- Exercise material -
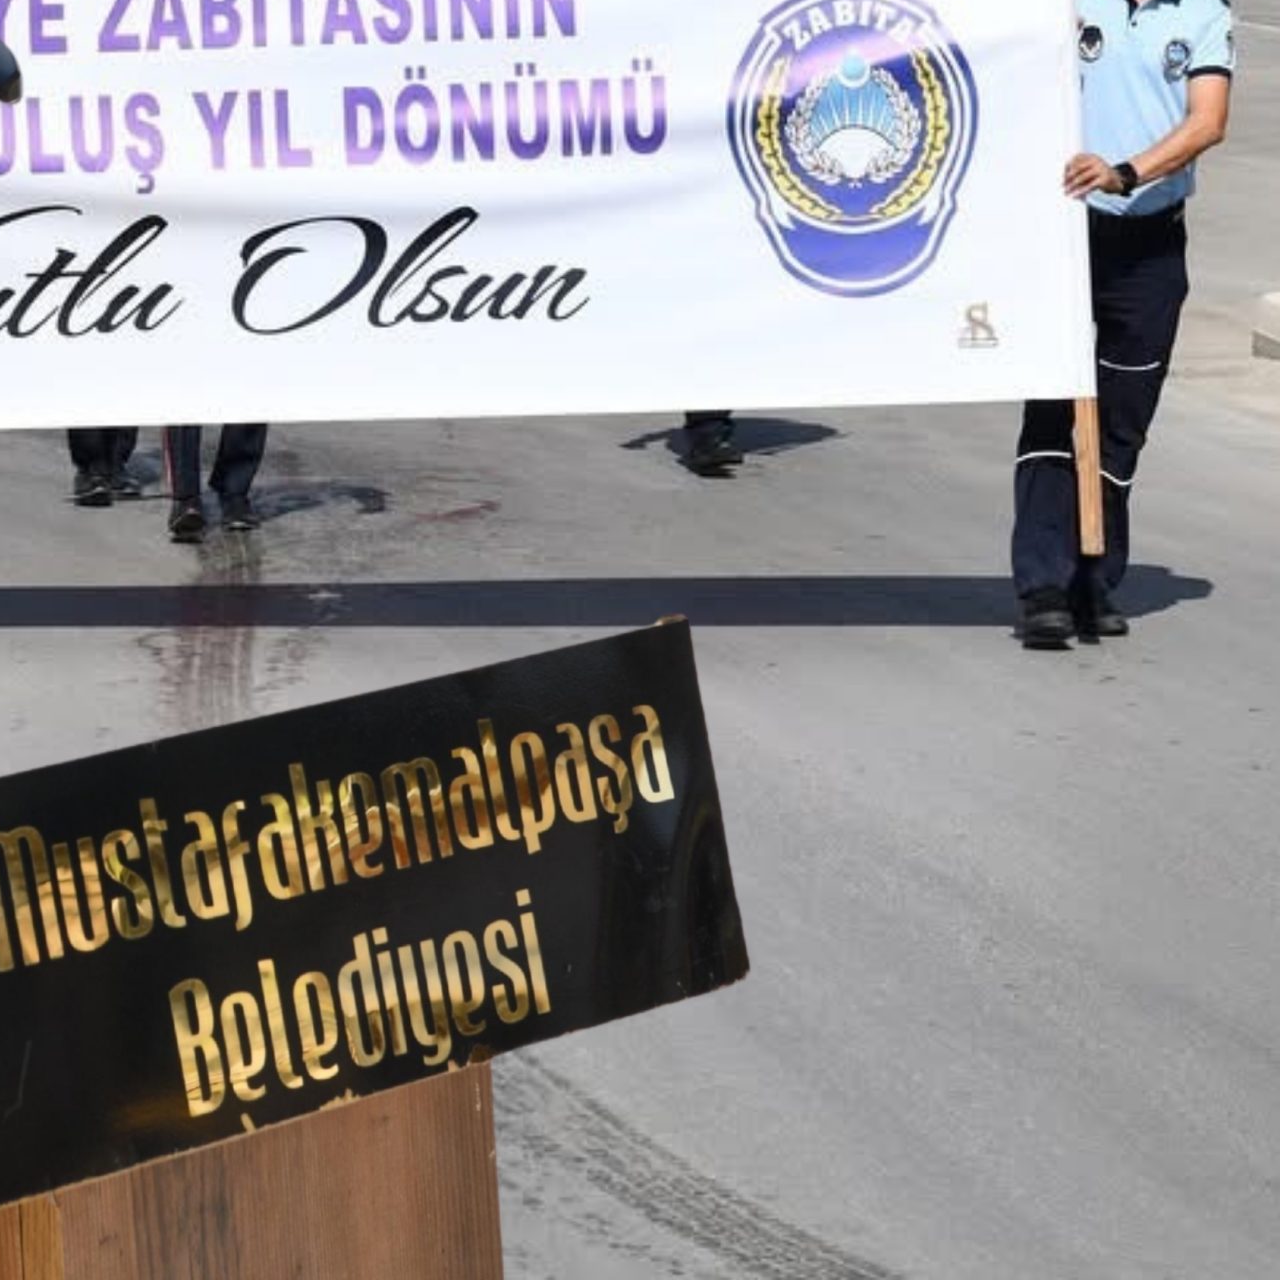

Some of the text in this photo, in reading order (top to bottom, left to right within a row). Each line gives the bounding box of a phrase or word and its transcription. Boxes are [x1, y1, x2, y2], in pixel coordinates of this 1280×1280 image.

[192, 87, 314, 170] YIL
[342, 57, 669, 167] DÖNÜMÜ
[231, 205, 590, 337] Olsun
[168, 888, 553, 1118] Belediyesi
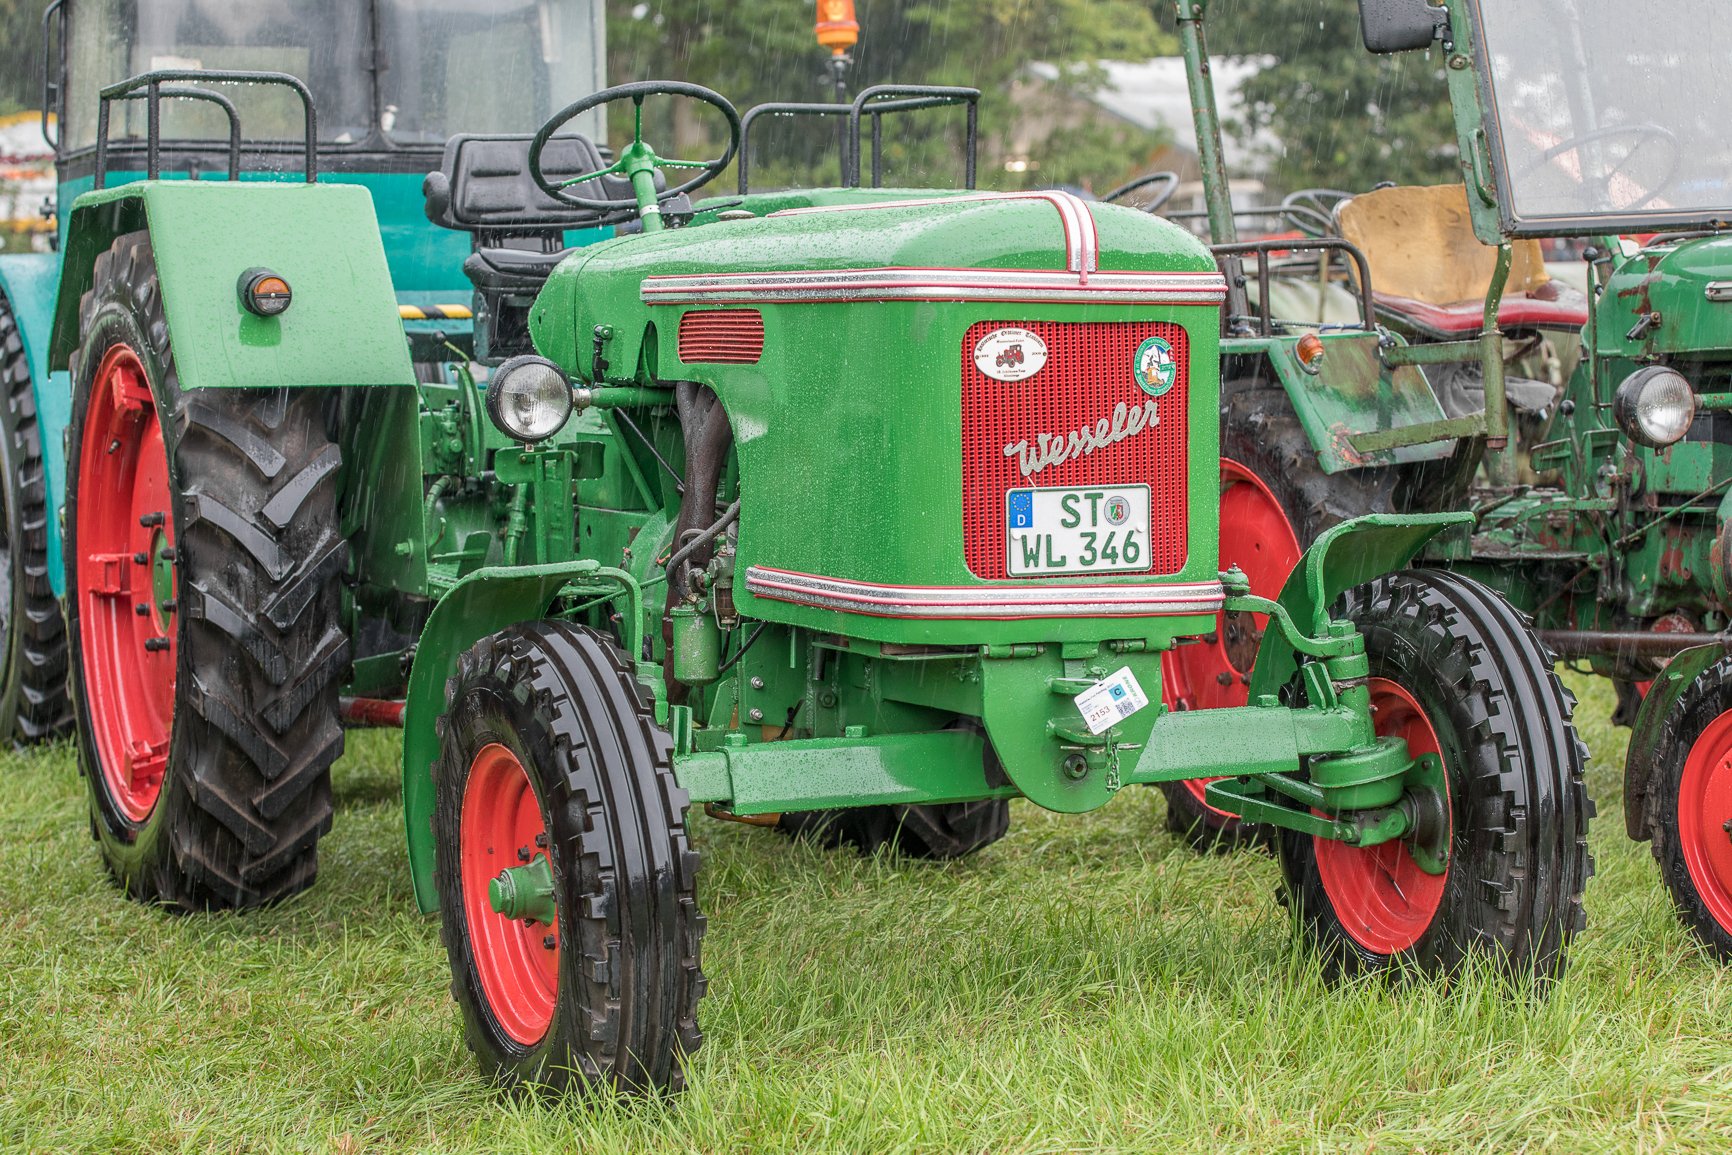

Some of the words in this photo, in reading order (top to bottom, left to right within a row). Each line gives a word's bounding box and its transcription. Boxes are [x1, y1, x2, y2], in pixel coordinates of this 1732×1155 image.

[1003, 399, 1161, 477] Wesseler
[1017, 514, 1026, 526] D
[1061, 492, 1104, 528] ST
[1021, 533, 1067, 568] WL
[1079, 529, 1140, 566] 346
[1114, 688, 1122, 696] C
[1090, 705, 1111, 722] 2153
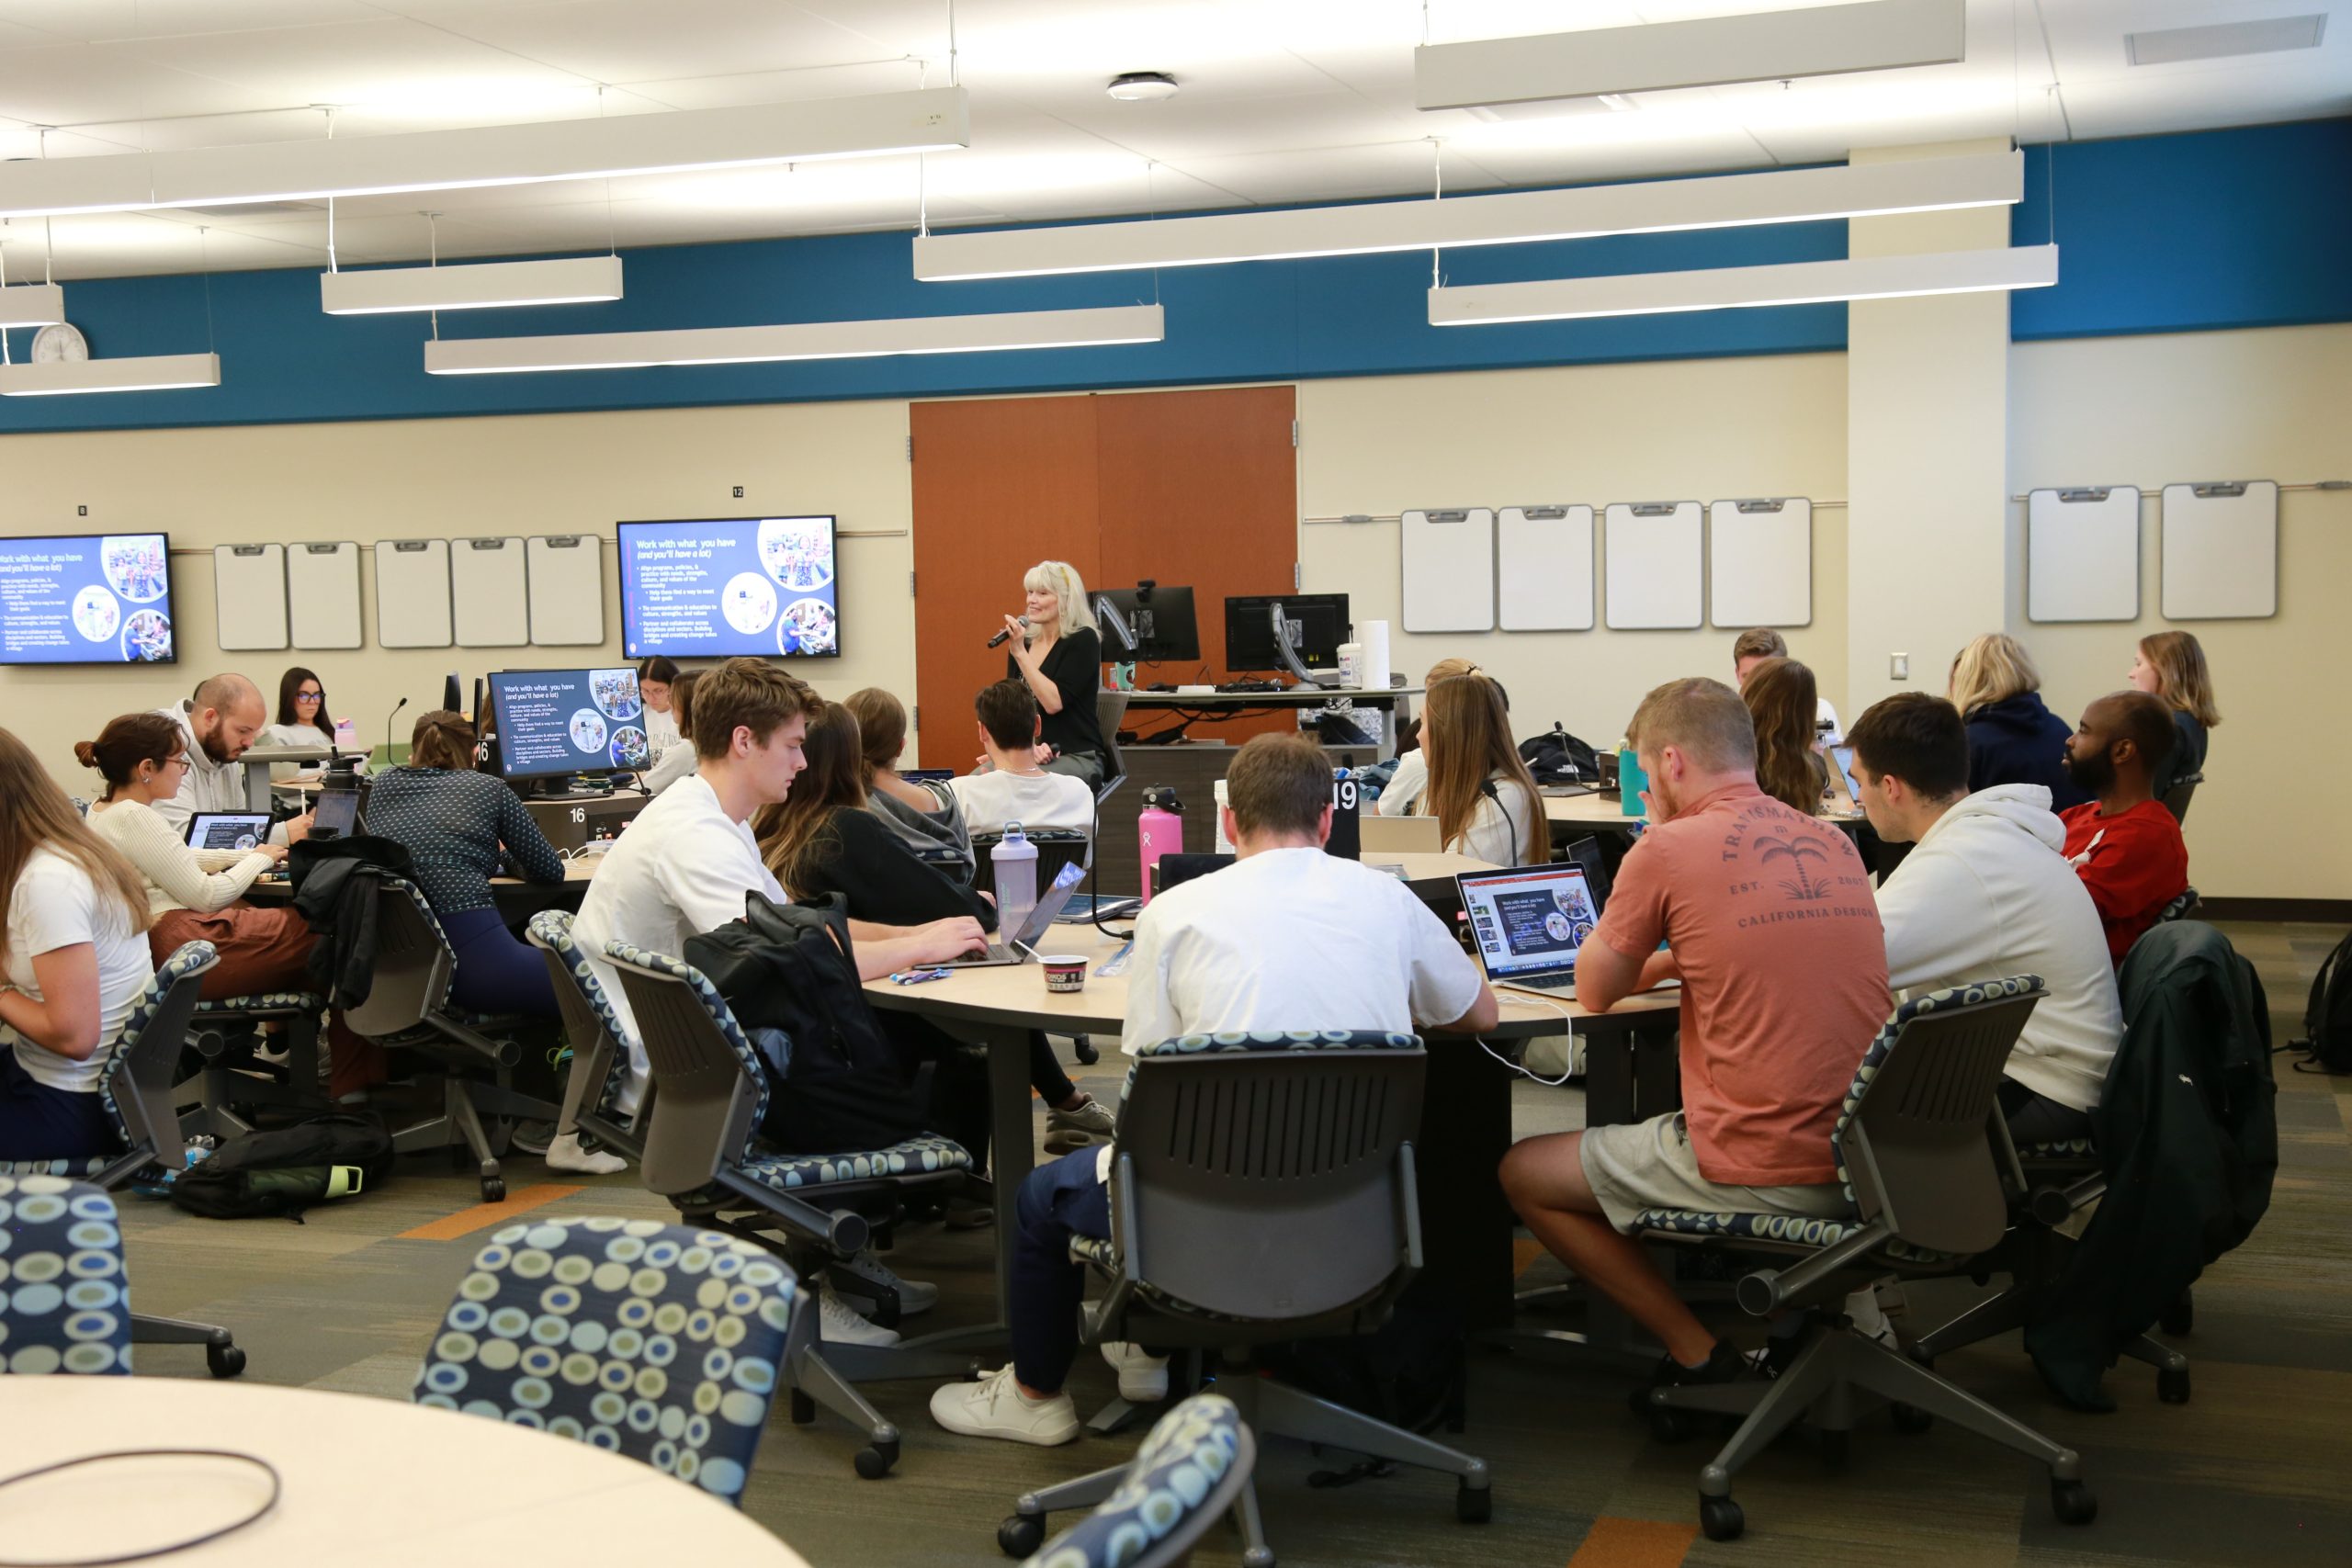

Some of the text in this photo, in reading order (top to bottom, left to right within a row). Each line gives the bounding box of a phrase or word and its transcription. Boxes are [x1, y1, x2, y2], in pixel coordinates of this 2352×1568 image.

[636, 540, 657, 549] Work
[658, 539, 676, 548] with
[677, 539, 697, 548] what
[717, 538, 736, 547] have
[637, 551, 653, 560] (and
[654, 550, 673, 560] you'll
[699, 550, 711, 559] lot)
[477, 741, 489, 761] 16
[1333, 781, 1357, 810] 19
[570, 807, 585, 823] 16
[1729, 881, 1764, 895] EST.
[1738, 907, 1875, 928] CALIFORNIA DESIGN

- Goal of the exercise -
All lines from the one containing "this 2352×1568 image." to the last line above should be reproduced exactly, and no other lines should be given.

- Response below -
Some of the text in this photo, in reading order (top to bottom, left to right within a row). Each line gives the bounding box of a phrase or word and its transcription. Boxes are [x1, y1, x2, y2], in pixel coordinates of this 2352×1568 image.

[636, 540, 657, 549] Work
[658, 539, 676, 548] with
[677, 539, 697, 548] what
[717, 538, 736, 547] have
[637, 551, 653, 560] (and
[654, 550, 673, 560] you'll
[699, 550, 711, 559] lot)
[477, 741, 489, 761] 16
[1333, 781, 1357, 810] 19
[570, 807, 585, 823] 16
[1729, 881, 1764, 895] EST.
[1738, 907, 1875, 928] CALIFORNIA DESIGN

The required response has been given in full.